* **DATA SECTION**
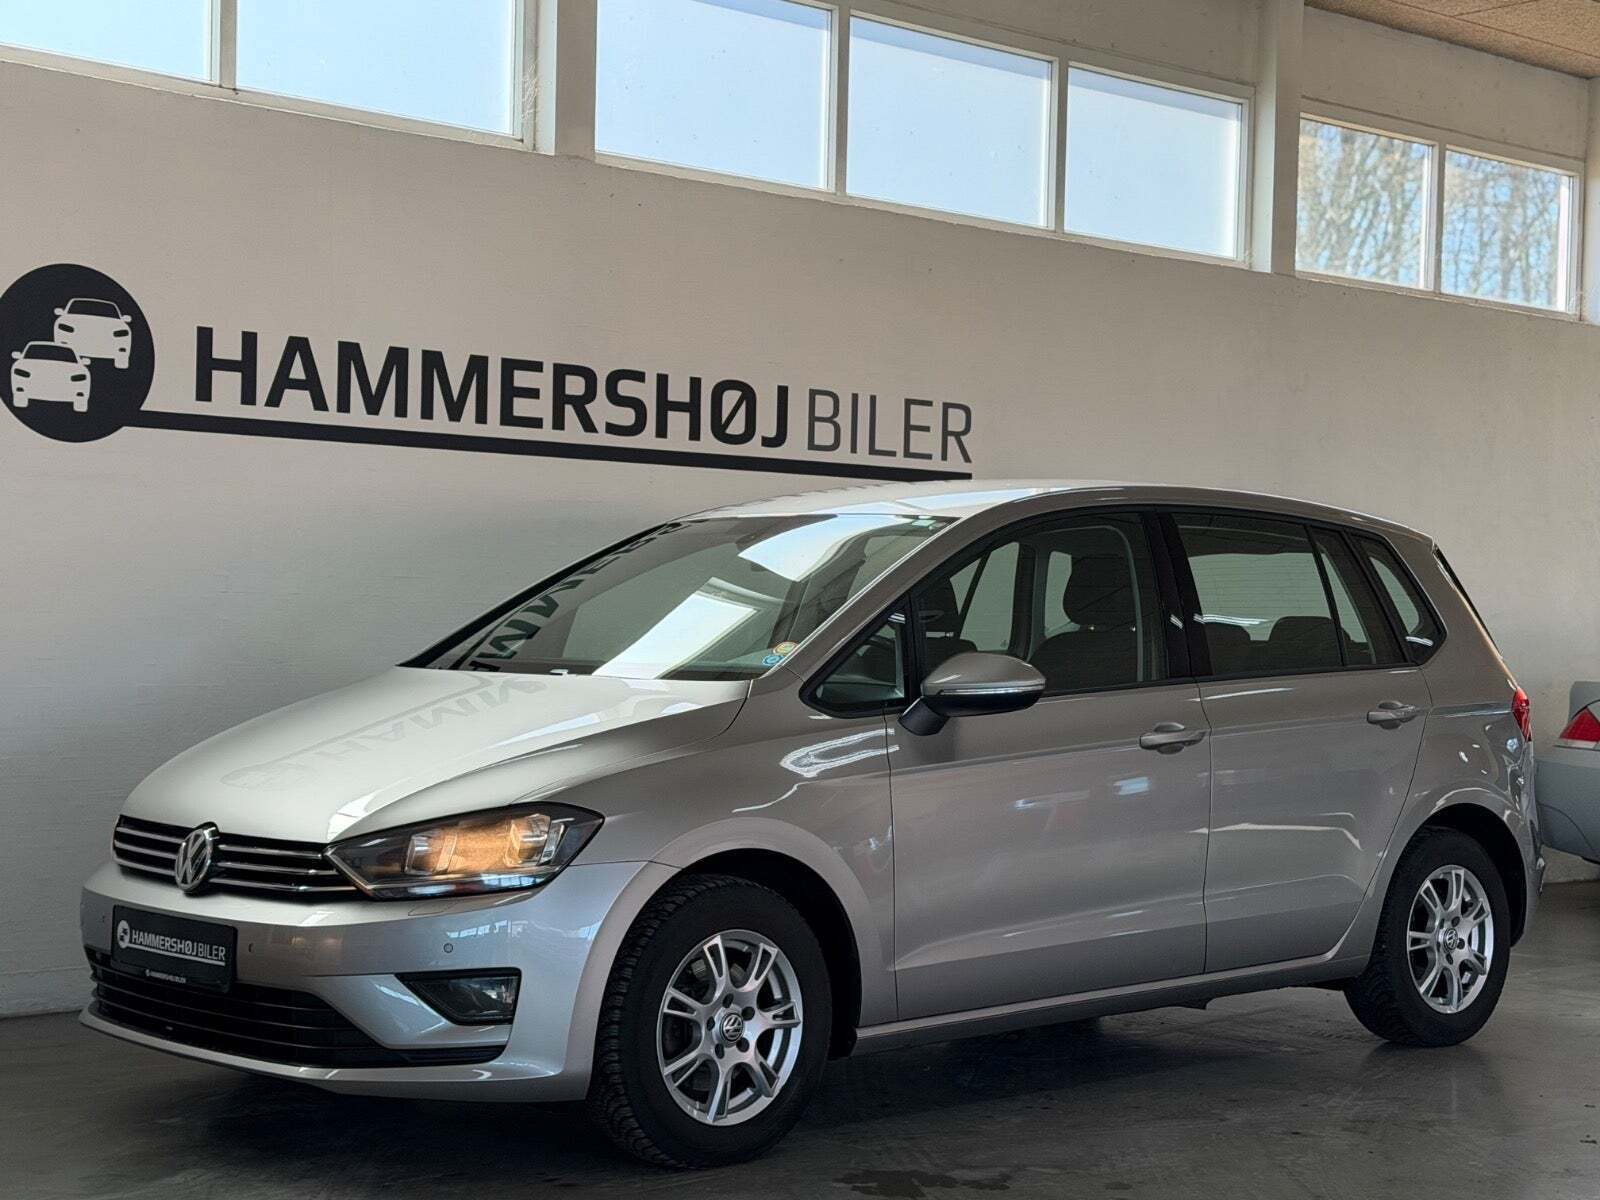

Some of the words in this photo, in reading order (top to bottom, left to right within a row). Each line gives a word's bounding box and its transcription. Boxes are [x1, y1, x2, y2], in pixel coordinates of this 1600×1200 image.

[196, 325, 789, 449] HAMMERSHØJ
[807, 388, 972, 465] BILER
[132, 929, 197, 956] HAMMERSHØJ
[197, 944, 226, 961] BILER
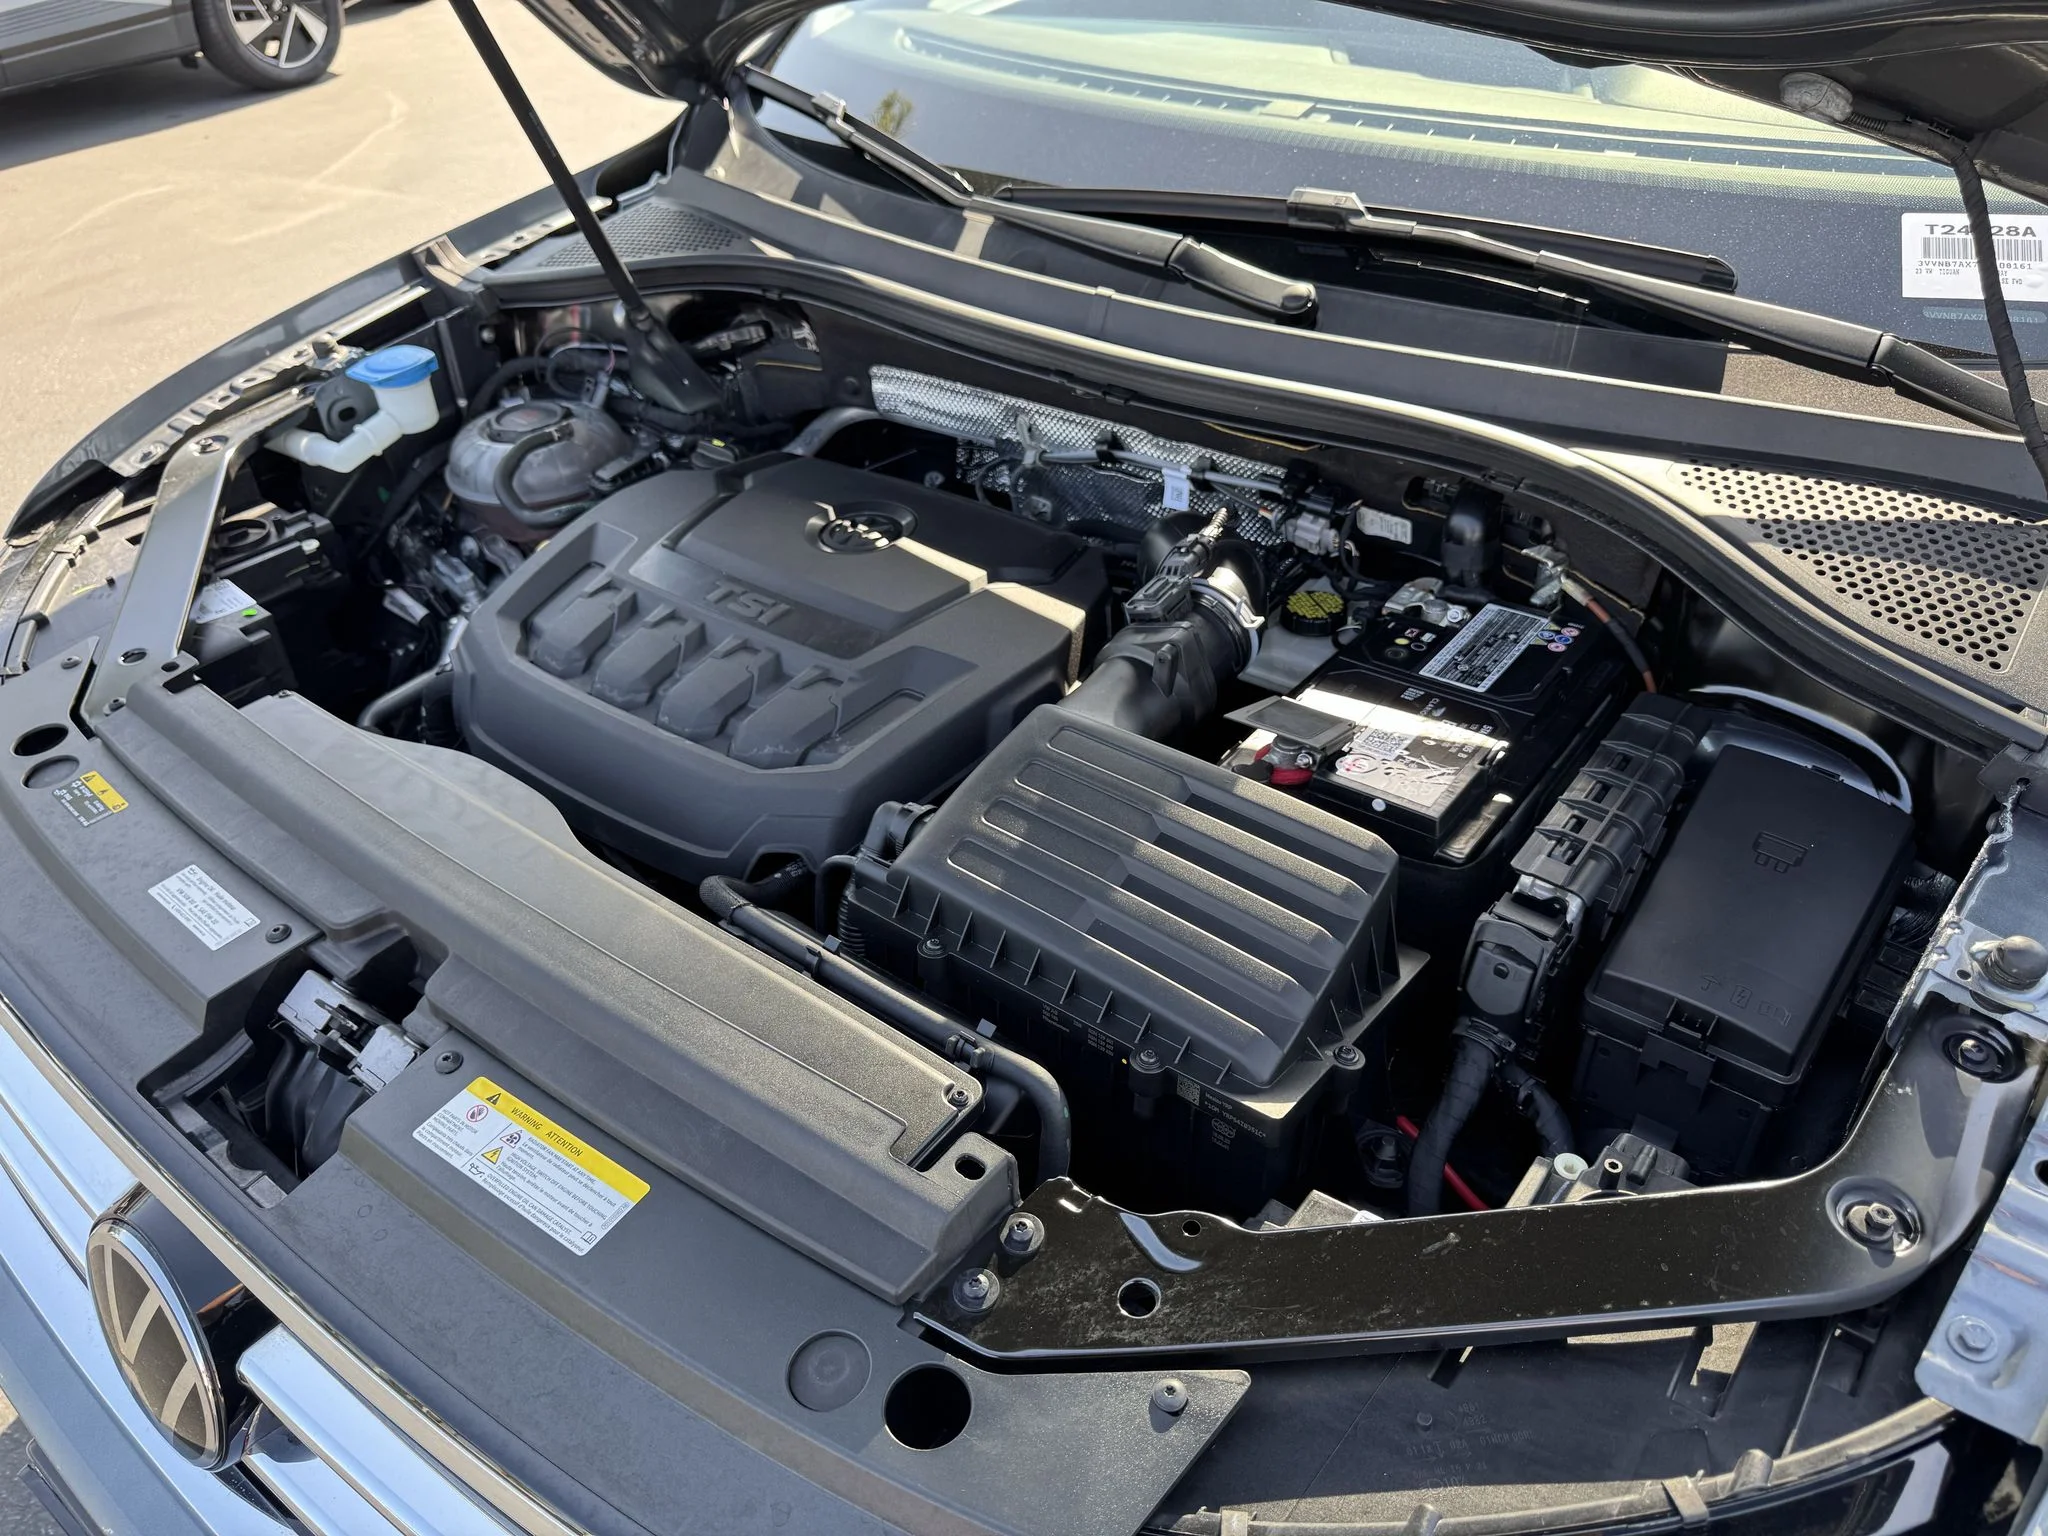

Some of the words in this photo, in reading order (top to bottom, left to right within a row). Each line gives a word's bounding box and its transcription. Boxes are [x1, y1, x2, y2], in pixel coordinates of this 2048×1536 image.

[1924, 224, 2037, 237] T2428A
[705, 581, 791, 627] TSI
[509, 1106, 543, 1131] WARNING
[544, 1129, 584, 1157] ATTENTION
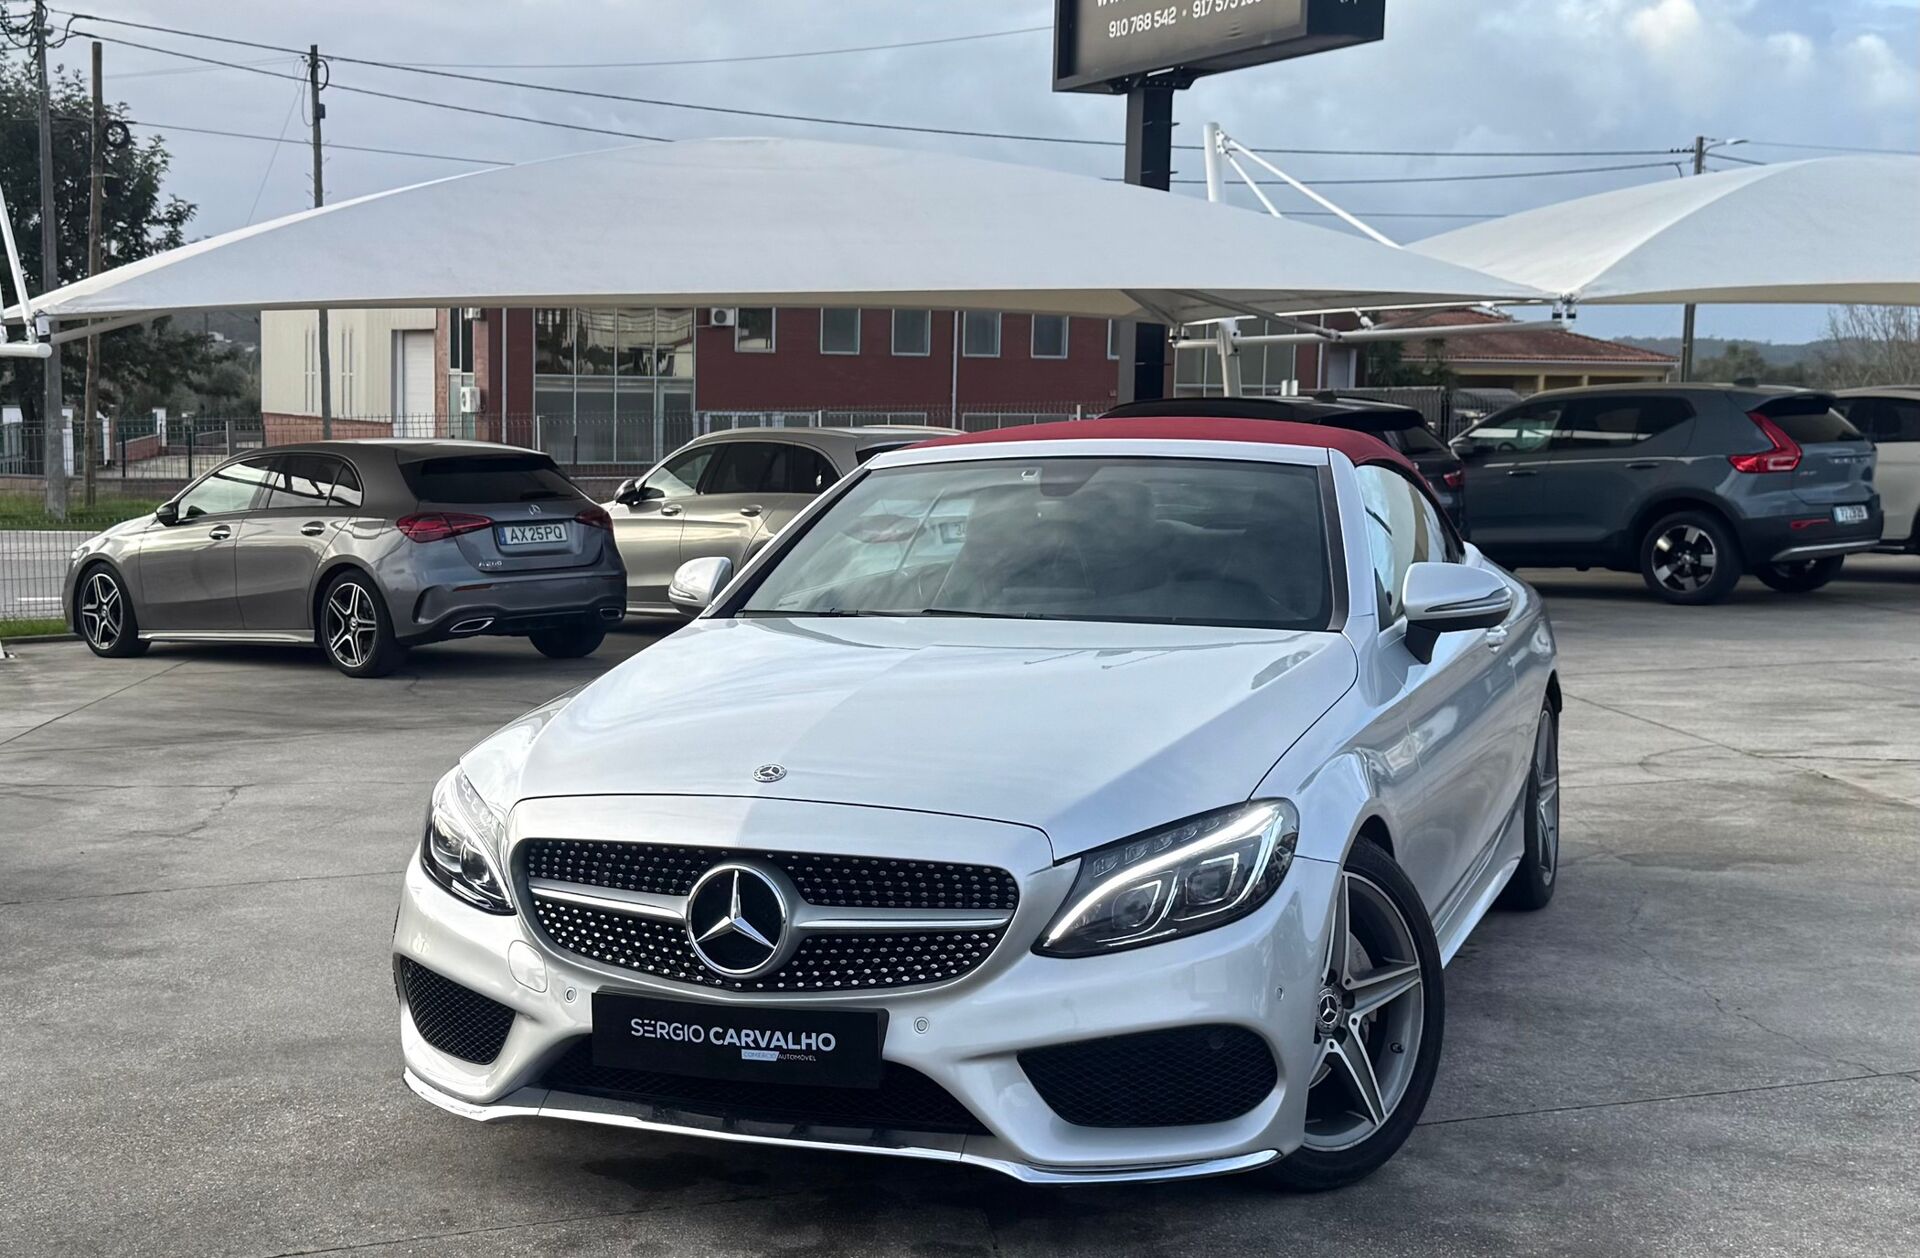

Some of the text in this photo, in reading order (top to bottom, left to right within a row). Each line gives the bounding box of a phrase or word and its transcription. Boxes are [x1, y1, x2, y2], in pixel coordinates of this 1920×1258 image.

[1108, 18, 1129, 38] 910
[1130, 12, 1152, 35] 768
[1153, 6, 1177, 28] 542
[709, 1027, 836, 1051] CARVALHO

* **PROBLEM TO SOLVE**
In the data above, find the line containing "Some of the text", then copy it and every later line exactly.

* **WRITTEN RESPONSE**
Some of the text in this photo, in reading order (top to bottom, left to right within a row). Each line gives the bounding box of a phrase or word and its transcription. Boxes are [x1, y1, x2, y2], in pixel coordinates of this 1920×1258 image.

[1108, 18, 1129, 38] 910
[1130, 12, 1152, 35] 768
[1153, 6, 1177, 28] 542
[709, 1027, 836, 1051] CARVALHO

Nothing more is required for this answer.